EXERCISE AIM — Only these lines of the data below are wanted: the one with "Some of the text", the one with "this 1600×900 image.", and any lines between them, each repeated exactly.

SUPPLIED ENTRIES —
- - -
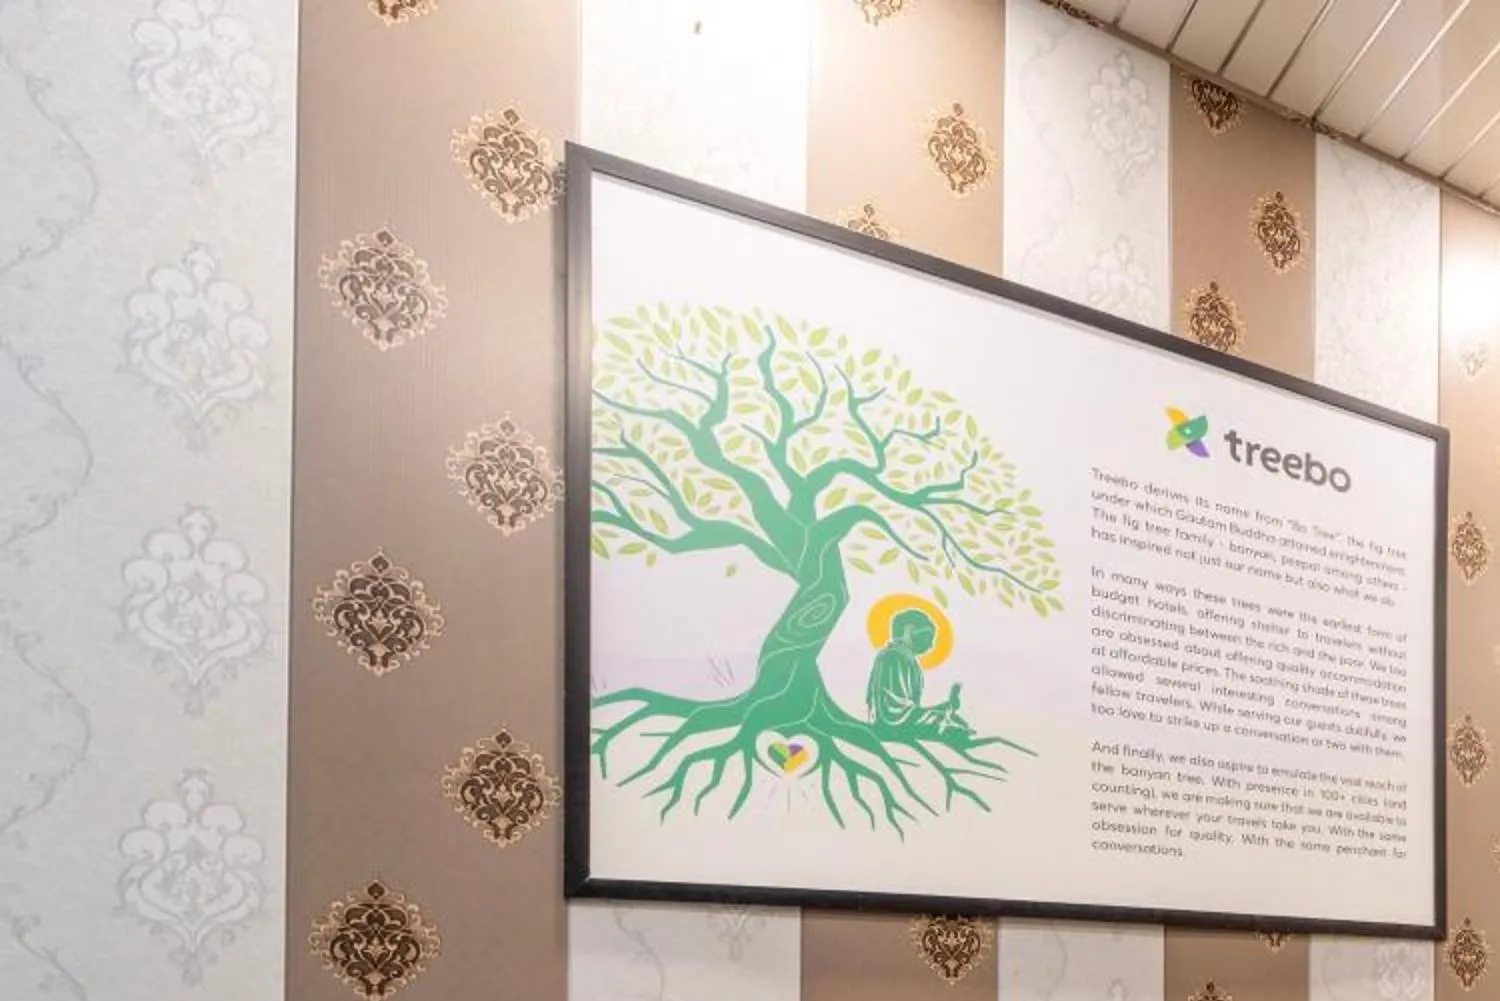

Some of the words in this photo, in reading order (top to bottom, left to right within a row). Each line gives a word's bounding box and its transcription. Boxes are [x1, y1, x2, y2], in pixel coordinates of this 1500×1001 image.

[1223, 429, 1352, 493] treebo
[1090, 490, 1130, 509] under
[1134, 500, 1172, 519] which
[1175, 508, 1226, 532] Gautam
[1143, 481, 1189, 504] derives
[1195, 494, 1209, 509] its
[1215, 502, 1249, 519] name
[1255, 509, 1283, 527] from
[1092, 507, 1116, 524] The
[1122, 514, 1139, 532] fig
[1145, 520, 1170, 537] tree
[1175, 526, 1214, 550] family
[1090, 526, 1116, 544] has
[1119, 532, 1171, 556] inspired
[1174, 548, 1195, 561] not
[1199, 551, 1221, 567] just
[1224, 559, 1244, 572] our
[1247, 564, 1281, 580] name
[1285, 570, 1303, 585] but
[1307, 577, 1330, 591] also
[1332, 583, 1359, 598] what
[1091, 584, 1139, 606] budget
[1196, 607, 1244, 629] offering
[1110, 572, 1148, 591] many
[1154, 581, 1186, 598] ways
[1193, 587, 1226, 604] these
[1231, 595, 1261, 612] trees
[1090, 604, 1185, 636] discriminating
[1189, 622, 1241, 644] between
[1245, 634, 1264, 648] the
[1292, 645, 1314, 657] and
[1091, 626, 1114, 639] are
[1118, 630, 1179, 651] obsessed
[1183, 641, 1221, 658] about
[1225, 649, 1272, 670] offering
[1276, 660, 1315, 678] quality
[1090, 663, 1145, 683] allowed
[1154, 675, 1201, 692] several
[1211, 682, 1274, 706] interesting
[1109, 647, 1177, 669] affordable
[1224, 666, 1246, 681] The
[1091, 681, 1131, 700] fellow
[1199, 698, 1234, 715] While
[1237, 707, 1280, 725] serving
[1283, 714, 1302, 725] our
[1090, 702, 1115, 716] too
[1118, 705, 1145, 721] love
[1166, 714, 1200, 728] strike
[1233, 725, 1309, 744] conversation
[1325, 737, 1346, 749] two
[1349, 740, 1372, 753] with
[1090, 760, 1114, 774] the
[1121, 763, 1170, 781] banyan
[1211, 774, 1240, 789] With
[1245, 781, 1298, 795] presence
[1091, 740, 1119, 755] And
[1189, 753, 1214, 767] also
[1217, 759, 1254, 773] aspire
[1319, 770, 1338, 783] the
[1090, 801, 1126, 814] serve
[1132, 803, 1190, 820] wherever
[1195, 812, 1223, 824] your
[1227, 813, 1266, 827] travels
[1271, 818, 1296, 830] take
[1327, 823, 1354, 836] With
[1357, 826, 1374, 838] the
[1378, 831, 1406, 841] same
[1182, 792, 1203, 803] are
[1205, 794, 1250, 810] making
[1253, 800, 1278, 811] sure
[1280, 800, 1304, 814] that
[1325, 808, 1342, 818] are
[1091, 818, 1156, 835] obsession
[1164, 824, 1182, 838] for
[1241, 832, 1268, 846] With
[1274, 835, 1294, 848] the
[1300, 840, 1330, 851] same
- - -
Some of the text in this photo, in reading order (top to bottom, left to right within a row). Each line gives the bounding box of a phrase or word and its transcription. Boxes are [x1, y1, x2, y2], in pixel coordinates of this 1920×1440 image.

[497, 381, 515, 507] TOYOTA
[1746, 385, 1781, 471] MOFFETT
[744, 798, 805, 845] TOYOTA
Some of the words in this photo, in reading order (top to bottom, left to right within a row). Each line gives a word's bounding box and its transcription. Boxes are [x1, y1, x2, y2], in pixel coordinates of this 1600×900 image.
- - -
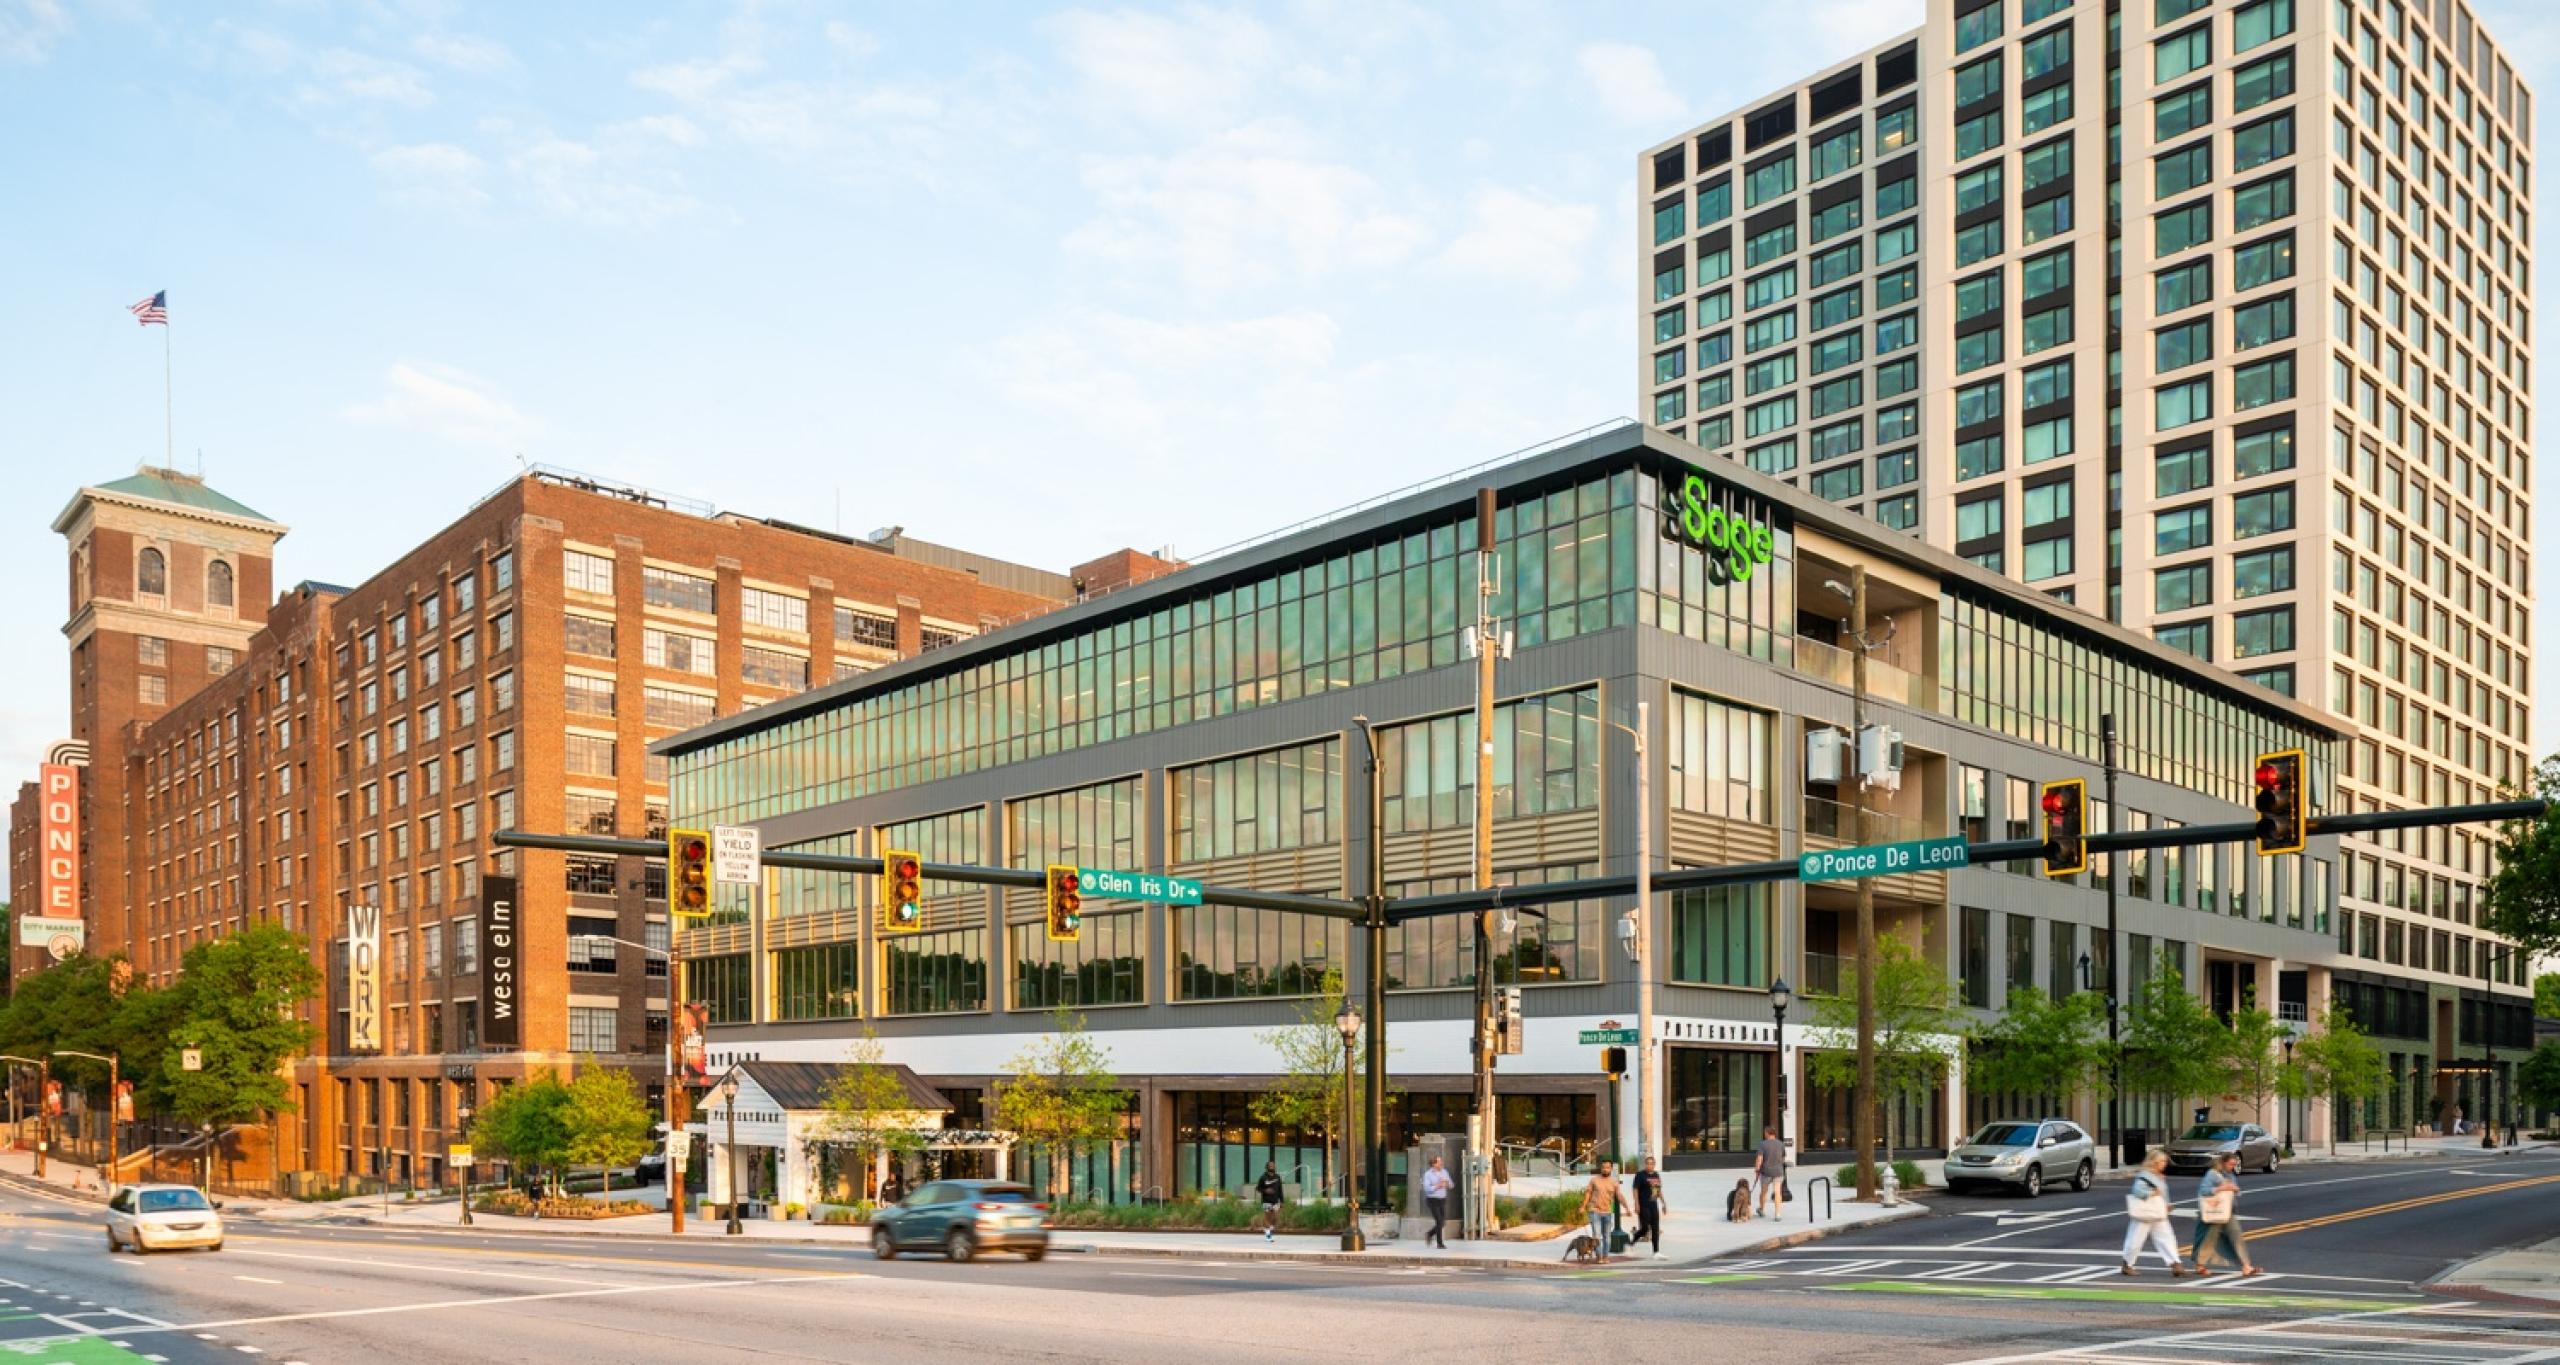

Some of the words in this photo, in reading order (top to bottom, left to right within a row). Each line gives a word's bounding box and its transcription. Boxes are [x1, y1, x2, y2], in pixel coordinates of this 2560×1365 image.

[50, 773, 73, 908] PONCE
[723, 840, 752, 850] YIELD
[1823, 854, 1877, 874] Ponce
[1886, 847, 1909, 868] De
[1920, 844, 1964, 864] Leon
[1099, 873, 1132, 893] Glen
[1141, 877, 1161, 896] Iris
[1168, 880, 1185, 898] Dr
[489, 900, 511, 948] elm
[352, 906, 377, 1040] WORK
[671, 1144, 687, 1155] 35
- - -
YOUR SOLUTION —
Some of the text in this photo, in reading order (top to bottom, left to right within a row). Each line gives the bounding box of a phrase or word and its transcription. Boxes are [x1, y1, x2, y2], in pixel coordinates of this 1920×1440 image.

[497, 381, 515, 507] TOYOTA
[1746, 385, 1781, 471] MOFFETT
[744, 798, 805, 845] TOYOTA
Some of the words in this photo, in reading order (top to bottom, left to right within a row). Each line gives a word's bounding box and its transcription. Boxes are [x1, y1, x2, y2], in pixel coordinates of this 1600×900 image.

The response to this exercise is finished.